Press Release Health and Social Programs

CEPR's Dean Baker: Wage Growth Continues to be the Key to Social Security Solvency


July 22, 2015

Contact: Karen Conner, (202) 293-5380 x117Mail_Outline

The Social Security Trustee’s report again points to the importance of broadly based wage growth to the finances of the Social Security system.

July 22,2015

Contact: Alan Barber (202) 293-5380 x 115

Washington DC – Economist Dean Baker, a co-director of the Center for Economic and Policy Research, issued the following statement about the 2015 Social Security trustees report:

“The 2015 Social Security trustees report again points to the importance of broadly based wage growth to the finances of the Social Security system. The 2015 report shows that the combined Old Age and Survivors Fund and Disability Insurance Fund will first face a shortfall in 2033, one year later than projected in the 2014 report. Taken separately, the Disability Insurance fund is projected to face a shortfall at some point in 2016.”
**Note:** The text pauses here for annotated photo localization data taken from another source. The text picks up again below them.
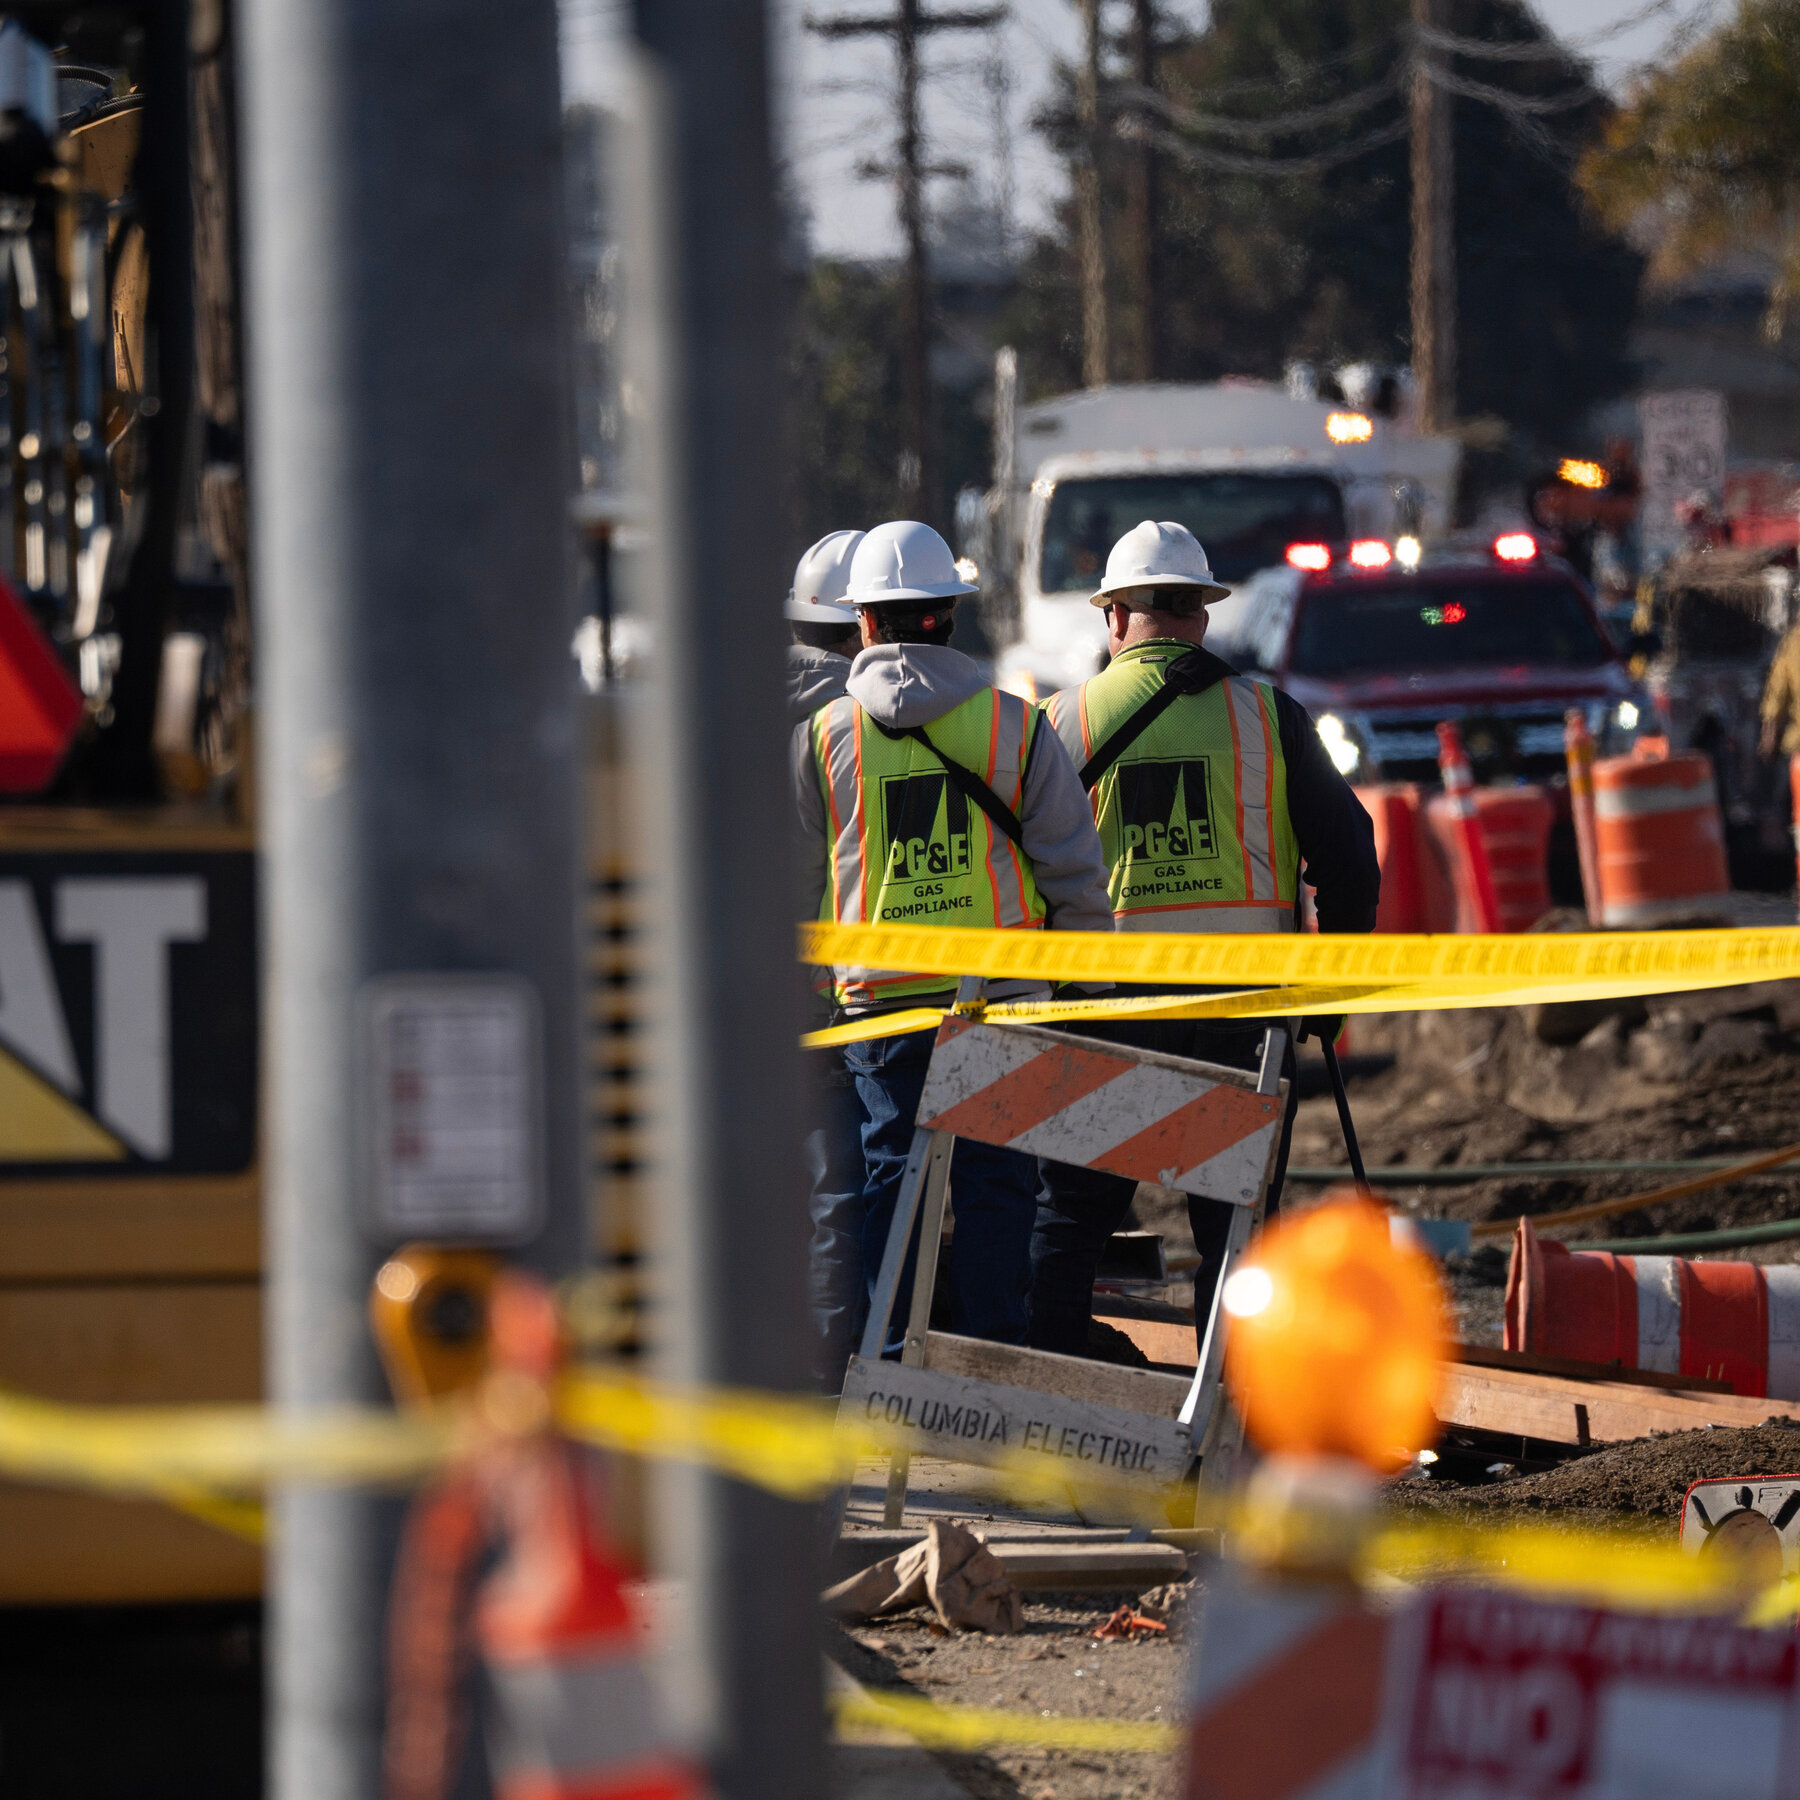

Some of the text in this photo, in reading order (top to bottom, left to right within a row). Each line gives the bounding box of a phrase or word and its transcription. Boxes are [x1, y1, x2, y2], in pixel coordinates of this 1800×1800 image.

[1123, 818, 1214, 861] PG&E
[888, 832, 970, 879] PG&E
[1154, 864, 1186, 879] GAS
[913, 883, 944, 898] GAS
[1121, 878, 1223, 899] COMPLIANCE
[881, 895, 974, 920] COMPLIANCE
[865, 1390, 1159, 1474] COLUMBIA ELECTRIC
“The combined projected shortfall for the two programs is 2.68 percent of payroll over its 75-year planning horizon. This is down from a projected shortfall of 2.83 percent of payroll in the 2014 report. This improvement stems from a number of small changes in assumptions that more than offset the negative impact of adding a year of large projected deficits (2089) in place of a year of surpluses (2014).
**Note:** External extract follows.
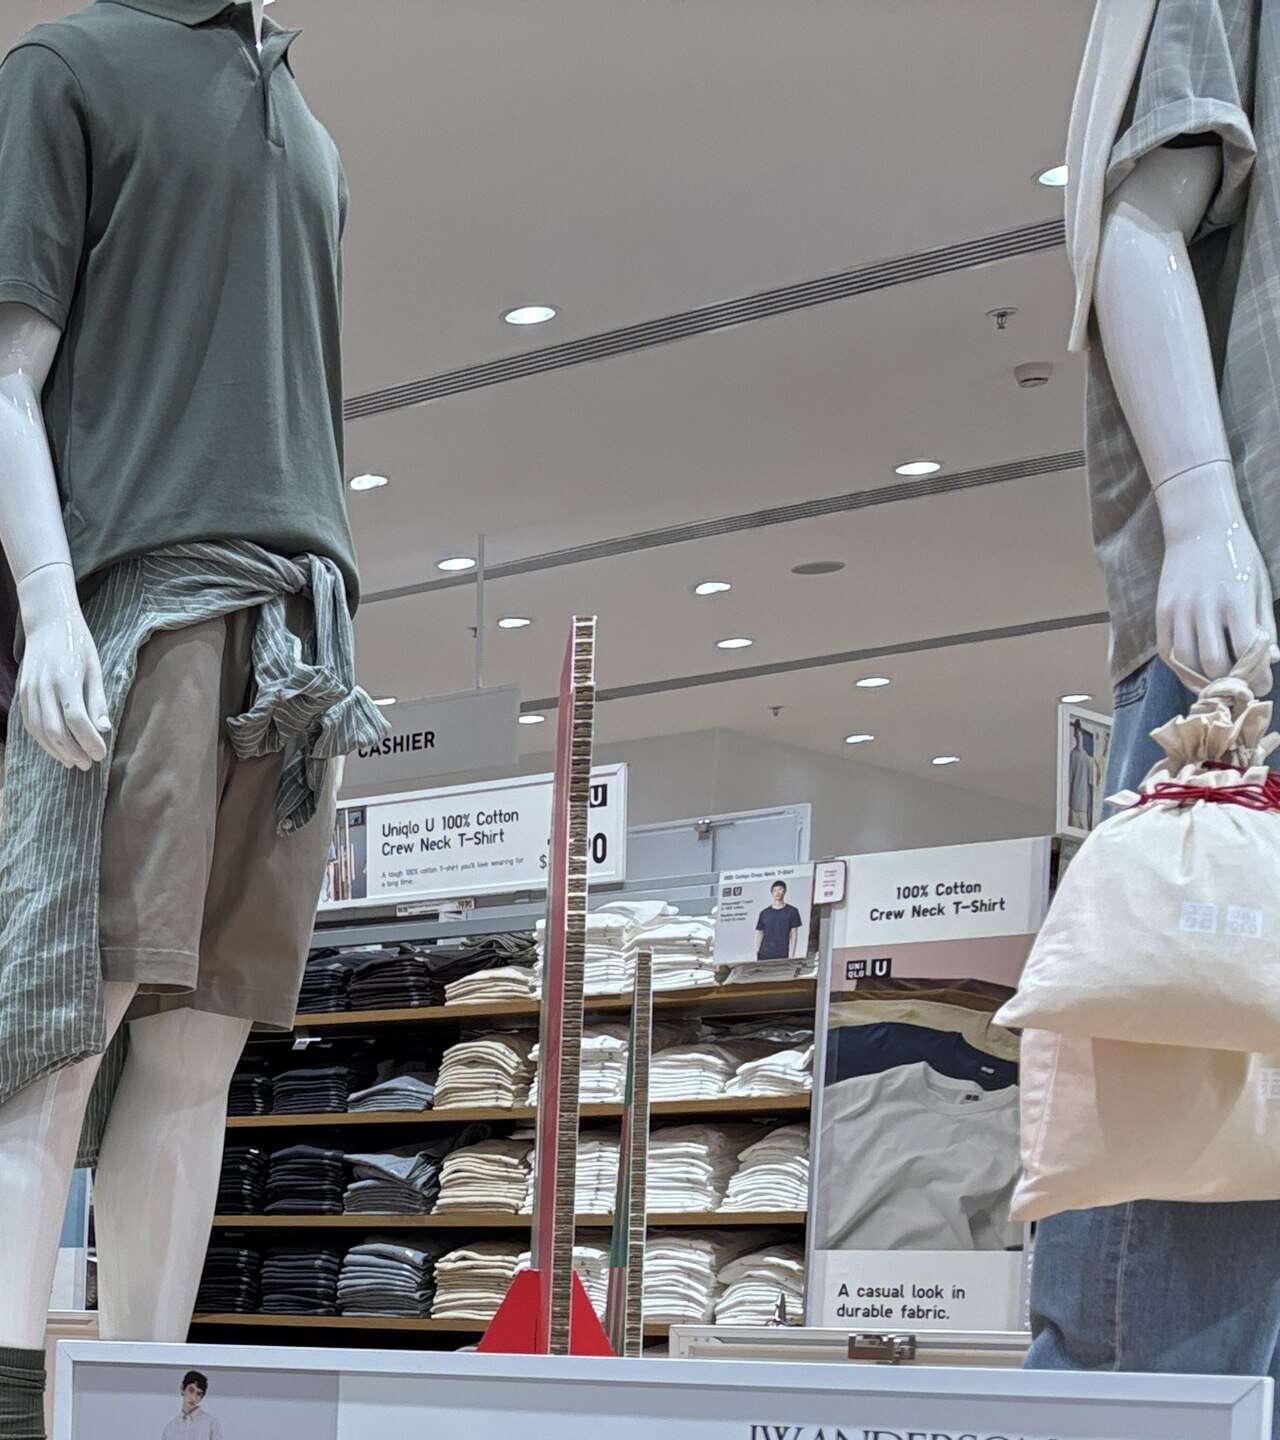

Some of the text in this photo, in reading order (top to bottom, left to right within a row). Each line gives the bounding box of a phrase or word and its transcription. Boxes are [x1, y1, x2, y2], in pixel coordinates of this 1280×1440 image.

“Wage growth is the key to the program’s solvency for two reasons. The first is that the upward redistribution of wage income over the last three decades has played a large role in the projected shortfall. As income has been transferred from ordinary workers to those at the top of the wage distribution, a larger share of wage income has escaped taxation. When the Greenspan Commission set the cap for taxable wages in 1983, it covered 90 percent of wage income. Currently the cap only covers around 82 percent of wage income. If the cap had continued to cover 90 percent of wage income, the projected shortfall would be roughly 40 percent less than it is now.  

“The other reason why broadly based wage growth is key to the program’s continuing solvency is that the burden of possible future tax increases would be much less consequential if most workers will share in the gains of economic growth. The Social Security trustees project that real wages will rise by more than 34 percent over the next two decades. (They are projected to rise by another 30 percent over the following two decades.) Even if the payroll tax is increased by three percentage points, it would take back less than one-tenth of the projected rise in before-tax wages if wage growth is evenly shared. On the other hand, if most of the gains from growth continue to go to those at the top end of the distribution, any tax increase will be a major burden.
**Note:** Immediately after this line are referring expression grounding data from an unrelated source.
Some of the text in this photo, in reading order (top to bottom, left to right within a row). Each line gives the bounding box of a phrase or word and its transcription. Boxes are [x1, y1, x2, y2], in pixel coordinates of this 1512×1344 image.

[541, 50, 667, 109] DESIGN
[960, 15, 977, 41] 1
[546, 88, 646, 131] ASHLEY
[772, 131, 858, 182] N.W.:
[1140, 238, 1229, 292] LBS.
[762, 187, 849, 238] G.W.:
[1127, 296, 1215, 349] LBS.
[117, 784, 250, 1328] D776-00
“The weakness of the economy, in addition to the upward redistribution of income, has been the major factor in the immediate problems facing the disability insurance (DI) fund. The lower than projected wage growth, coupled with a large drop in employment associated with the collapse of the housing bubble, has lowered the revenue of the DI fund by more than $160 billion over the seven years compared with the projections that had been made before the downturn. While the DI program was projected to face problems even before the recession, had growth continued as projected it would have been able to pay full scheduled benefits until 2025.

“While many politicians have tried to imply there is some fundamental problem with the structure of the DI program, it is clear that full funding can be maintained with minor fixes, such as reallocating revenue from the Old-Age and Survivors Insurance program. The financial health of both programs as they are now designed will depend on the prospect for maintaining high levels of employment and wage growth.

“It is worth noting that in spite of the impact of the Great Recession on the revenues of both Social Security and Medicare, the finances of the two programs taken together have improved enormously in the Obama presidency, primarily due to the lower projected rate of increase of health care costs. In 2008, the combined shortfall for the two programs over their 75-year planning horizon was equal to 2.21 percentage points of GDP. The combined shortfall for the 75-year planning horizon in the 2015 report is just 1.26 percentage points of GDP. This improvement comes in spite of the fact that the 2015 projections include 7 additional years of large projected deficits (2083-2089).

“It is remarkable that this improvement in the projected finances of these programs has not received more attention. It would be politically difficult to enact a combination of revenue increases and benefit cuts that would achieve a comparable improvement.”